For ready-made typed fields to validate — email, port, percentages, bounded strings, and more — pair this crate with reliakit-primitives. The config_check example in the reliakit umbrella crate shows primitives, validate, and secret working together on one config.

§Feature flags

§no_std

The crate supports no_std. The Validate trait, Valid<T>, and Violation are available without alloc; implement Validate with your own error type in allocation-free contexts.
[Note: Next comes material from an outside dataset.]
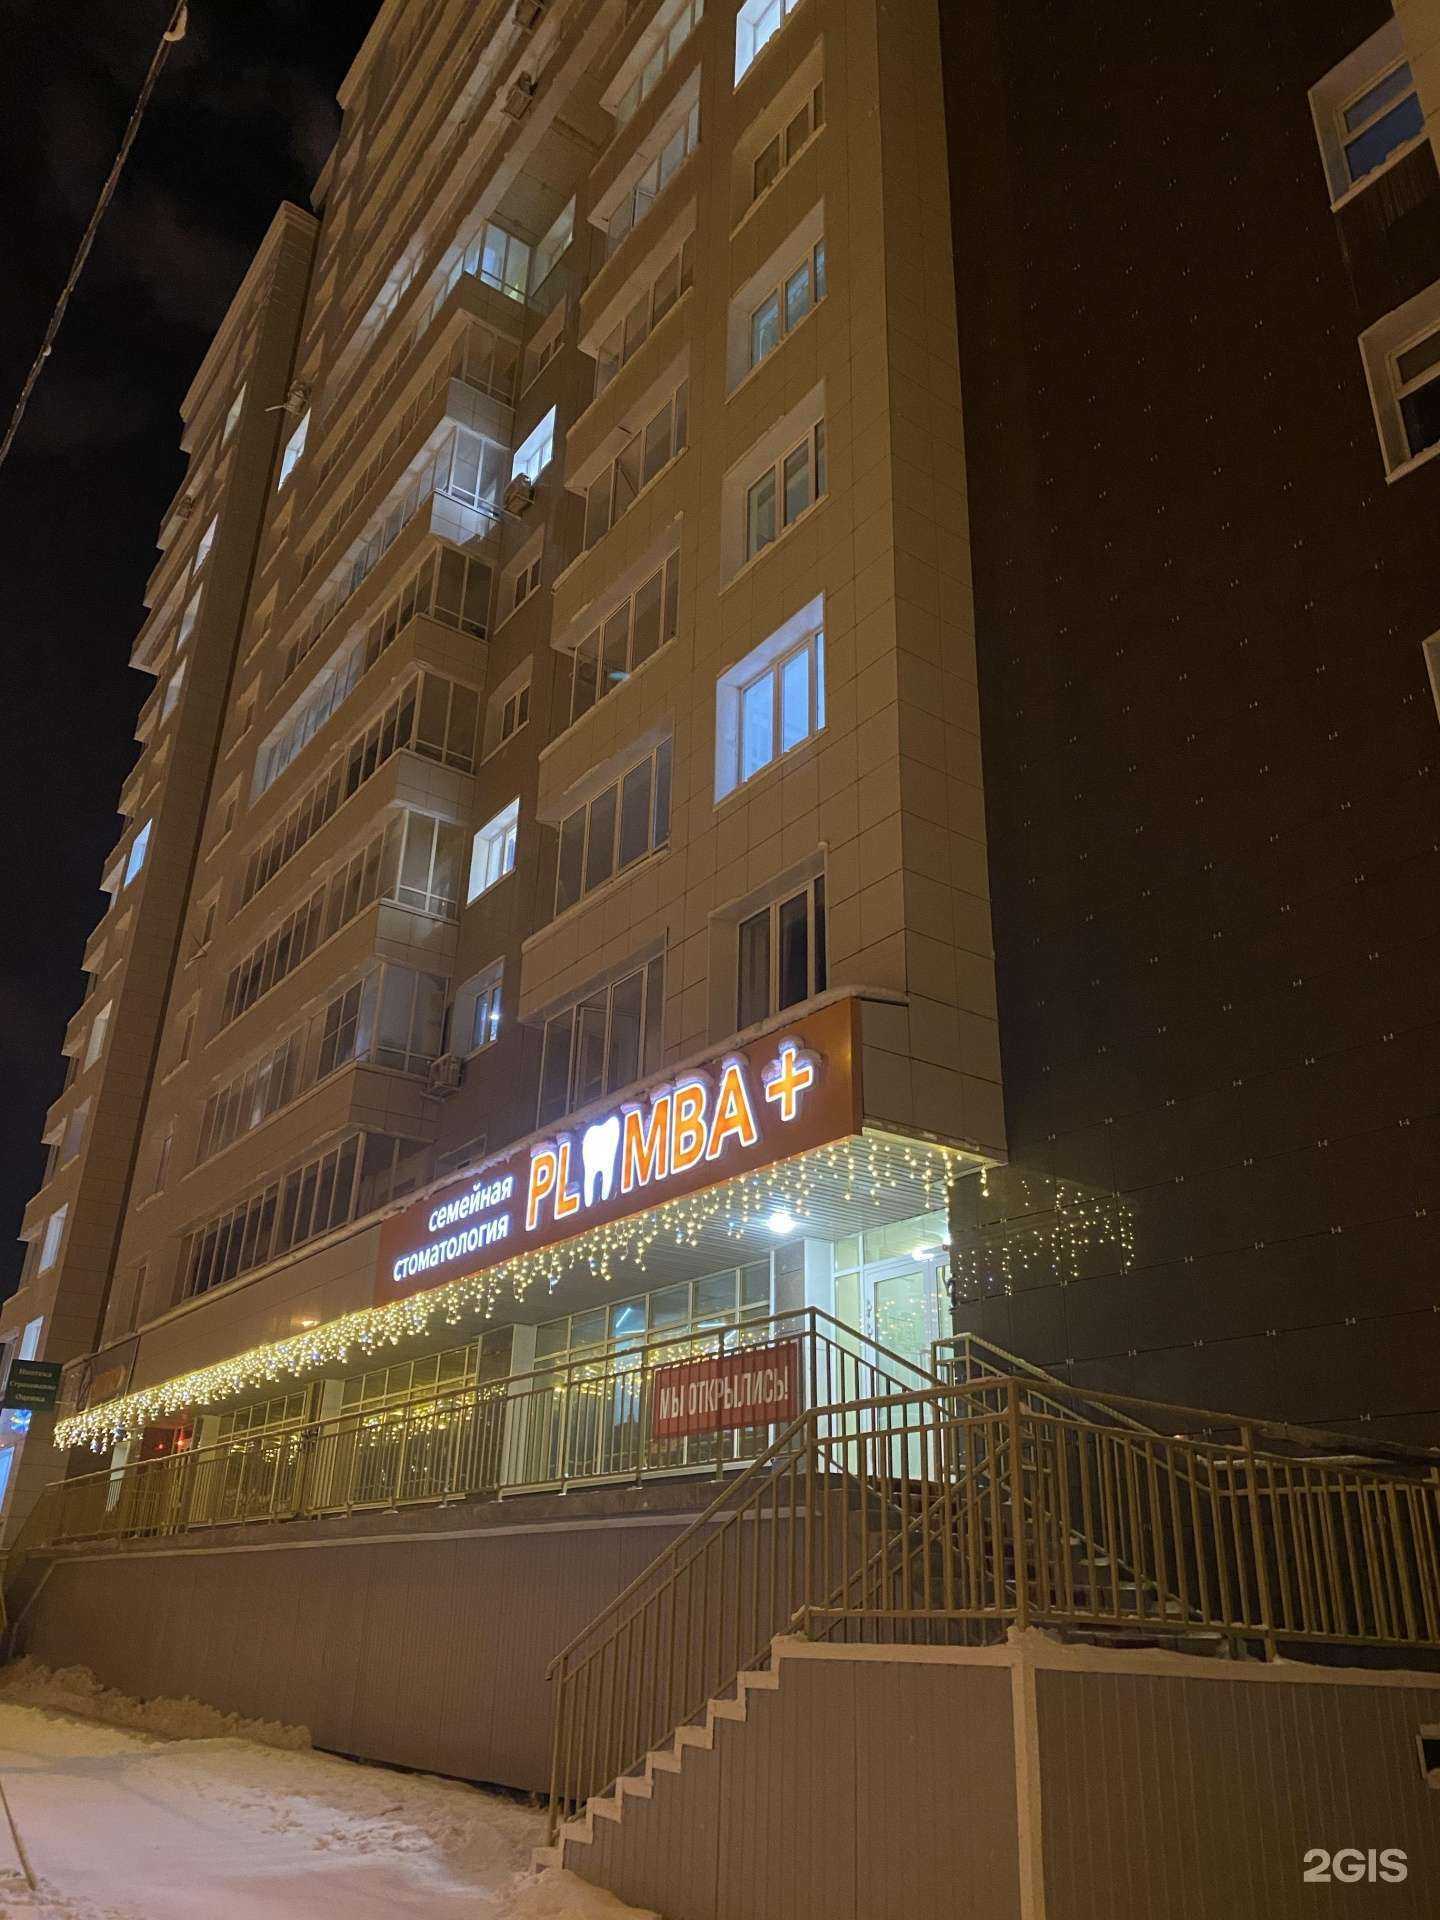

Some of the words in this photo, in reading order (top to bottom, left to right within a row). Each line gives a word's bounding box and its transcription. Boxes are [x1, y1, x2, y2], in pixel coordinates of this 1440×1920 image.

ValidationError and ValidateResult require the alloc feature (enabled by default via std).

Structs§

Valid
A value that has been successfully validated.
ValidationError
One or more validation failures collected during validation.
Violation
A single failed constraint, optionally associated with a named field.

Traits§

Validate
A type that can validate itself.

Type Aliases§

ValidateResult
Result alias for validation operations.